GEOFF BRUMFIEL, BYLINE: Plan A for disposing of Syria's chemical weapons stocks was to ship them to another country and do it there. Paul Walker is with Green Cross International, an environmental group. When I first spoke to him in October, he thought it was the way forward.


PAUL WALKER: We definitely need an agreement with the country. We can't put it on a ship and just have it wander the Mediterranean for the indefinite future.

BRUMFIEL: Well, after a few months of asking around, turns out nobody wants 500 metric tons of chemical weapons ingredients. So when I called Paul Walker back, he said it was time for Plan B, a ship in the Mediterranean.

WALKER: Every country said no. So the final - really, the final - alternative is to really do it somewhere else, which means on board a ship somewhere on the high seas.

BRUMFIEL: The ship's name is the MV Cape Ray. It's basically an oversized car ferry that the U.S. Department of Transportation has available. Now, it's being turned into a floating chemical weapons disposal plant.

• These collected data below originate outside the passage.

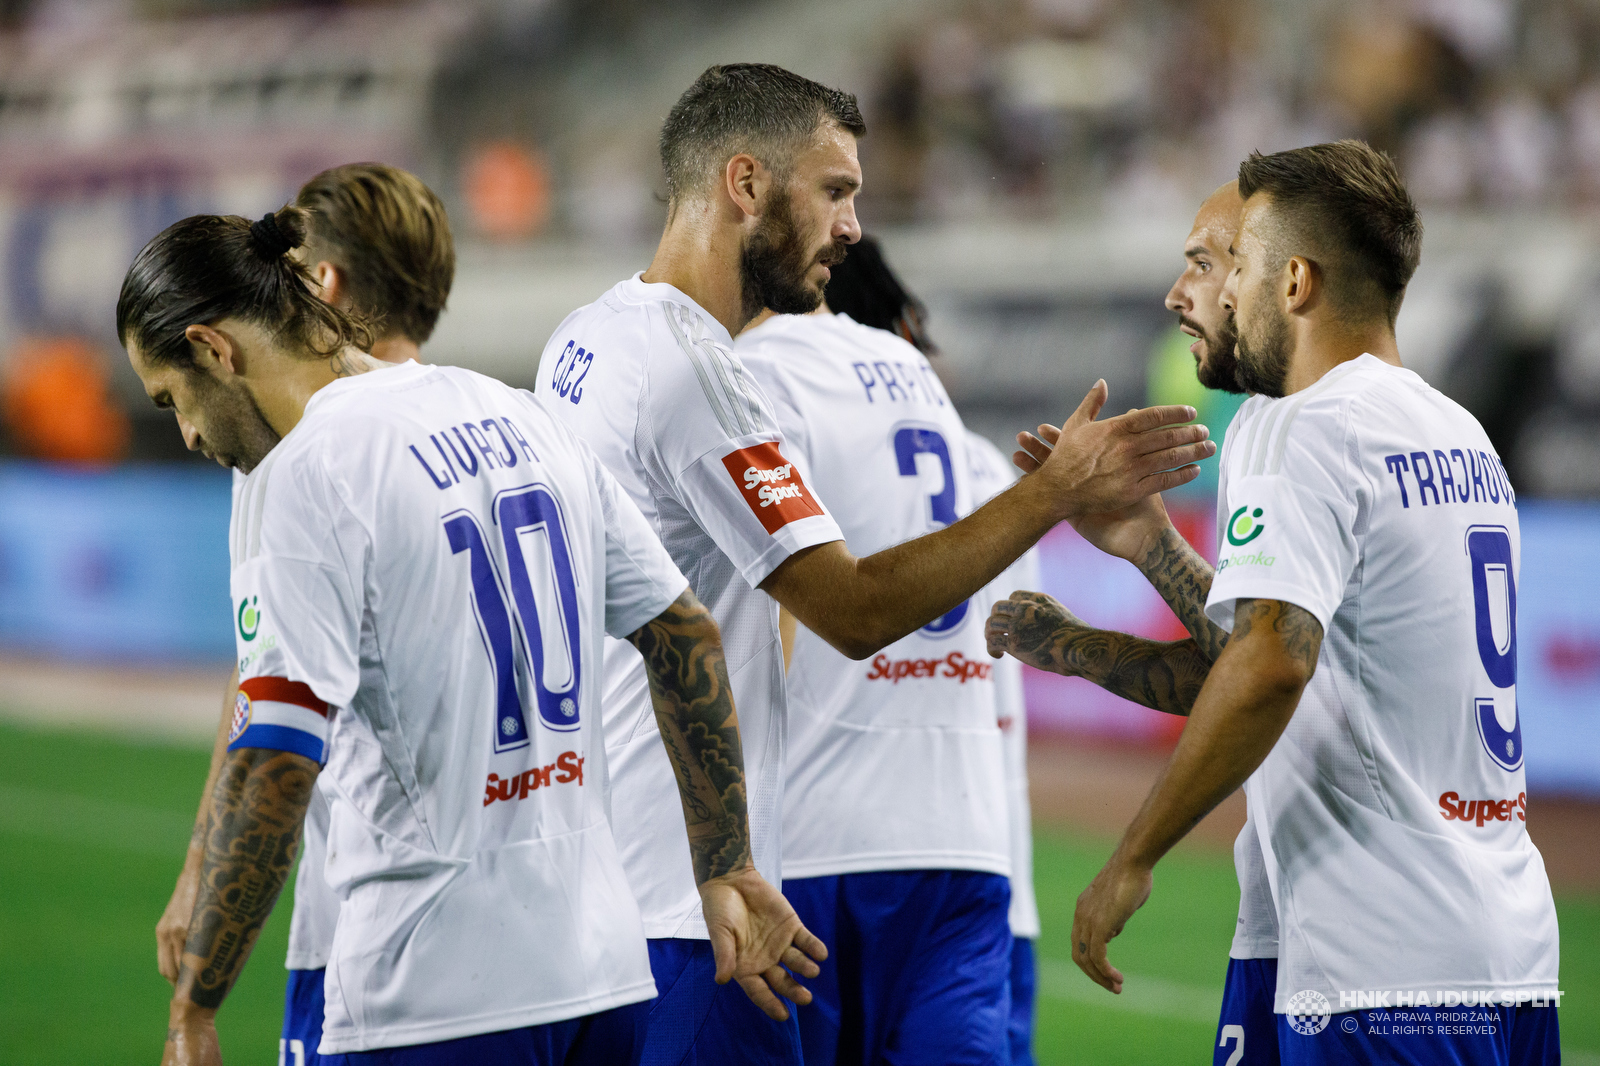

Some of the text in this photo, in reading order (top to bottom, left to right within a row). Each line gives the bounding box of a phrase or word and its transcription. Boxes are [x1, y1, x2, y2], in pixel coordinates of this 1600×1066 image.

[552, 339, 594, 405] ELEZ
[408, 417, 541, 490] LIVAJA
[743, 463, 792, 490] Super
[757, 482, 803, 508] Sport
[889, 422, 972, 640] 3
[440, 482, 580, 754] 10
[1464, 524, 1524, 773] 9
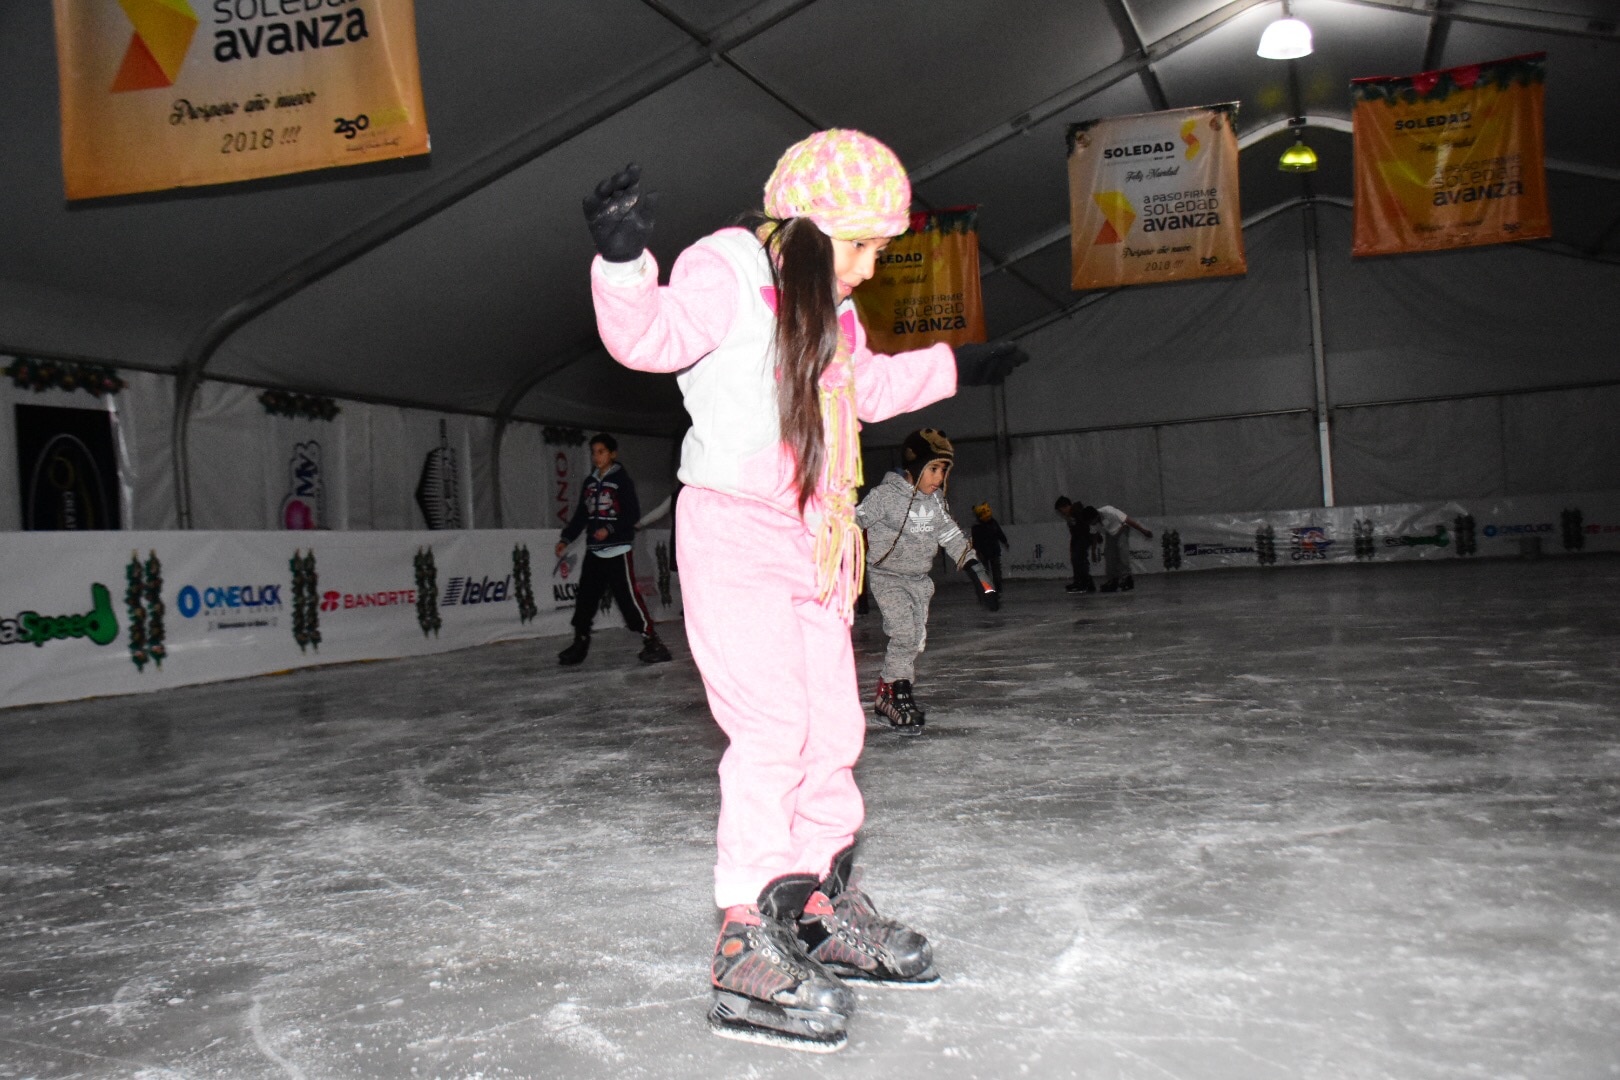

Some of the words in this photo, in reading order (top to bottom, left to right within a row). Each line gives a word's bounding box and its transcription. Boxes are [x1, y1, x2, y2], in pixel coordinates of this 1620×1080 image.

[213, 0, 360, 24] SOLe
[334, 114, 369, 139] 250
[1394, 111, 1472, 130] SOLEDAD
[221, 128, 274, 154] 2018
[1104, 141, 1175, 159] SOLEDAD
[878, 252, 923, 265] LEDAD
[1144, 260, 1171, 272] 2018
[909, 524, 934, 533] adidas
[204, 584, 282, 608] ONECLICK
[344, 589, 416, 610] BANORTE
[462, 574, 510, 605] telcel

WALKER: They're replumbing it. You know, you have enough plumbers here, I think, to probably, right now, to plumb a city.

BRUMFIEL: While the U.S. gets the Cape Ray ready, the U.N. and the Organization for the Prohibition of Chemical Weapons are trying to figure out how to get the chemicals out of Syria, and to the ship. First, the Syrian Army must transport them through a war zone to the port of Latakia. Sigrid Kaag, who is leading the U.N. effort, said that the security situation was so fragile, it wasn't safe to drive to the port.

SIGRID KAAG: I had to travel first to Latakia via Lebanon, using a helicopter.

BRUMFIEL: Despite the danger, Kaag says that the only way out for the chemicals is over land.

KAAG: This is a viable, best-assessed option, and we just need to make sure that it can happen.

BRUMFIEL: But the ship won't be there to meet them. A U.S. vessel in the Syrian port could become a target. So instead, the plan calls for the chemicals to be loaded onto another boat, a Danish transport taken to another port yet to be identified and finally, transferred to the Cape Ray. Only then can the destruction of the chemicals begin.

The U.S. military will have installed two, brand-new mobile disposal units. Picture giant vats you might see at a brewery. Paul Walker says they use hot water and other chemicals to break down the toxic weapons components - or at least, that's the theory.

WALKER: The system itself has never been tested in full capacity or full throughput mode.

BRUMFIEL: And there's plenty that could go wrong. Pipes could clog with salts; valves could corrode. The chemicals from Syria aren't nerve agents, they're the components. But they're still toxic. If something leaked, it would be a mess to clean up. And don't forget, this would happen on the open ocean.

WALKER: You don't want to have really high waves or swells that can rock and roll the boat because this stuff is wet chemistry, as I say, and you don't want it splashing around.

BRUMFIEL: Eventually, the ship will fill its hold with waste from the process. It's not as toxic as the original stuff.

WALKER: Something like Drano, I suppose. This is not something you'd want to drink, but it won't kill you if you touch it or breathe it in.

BRUMFIEL: It's still nasty enough that it will have to be taken somewhere else for final disposal. When that happens, it's done. The deadline is tight. Once the final go-ahead is given, the goal is to wrap up most of the work by next summer. Geoff Brumfiel, NPR News.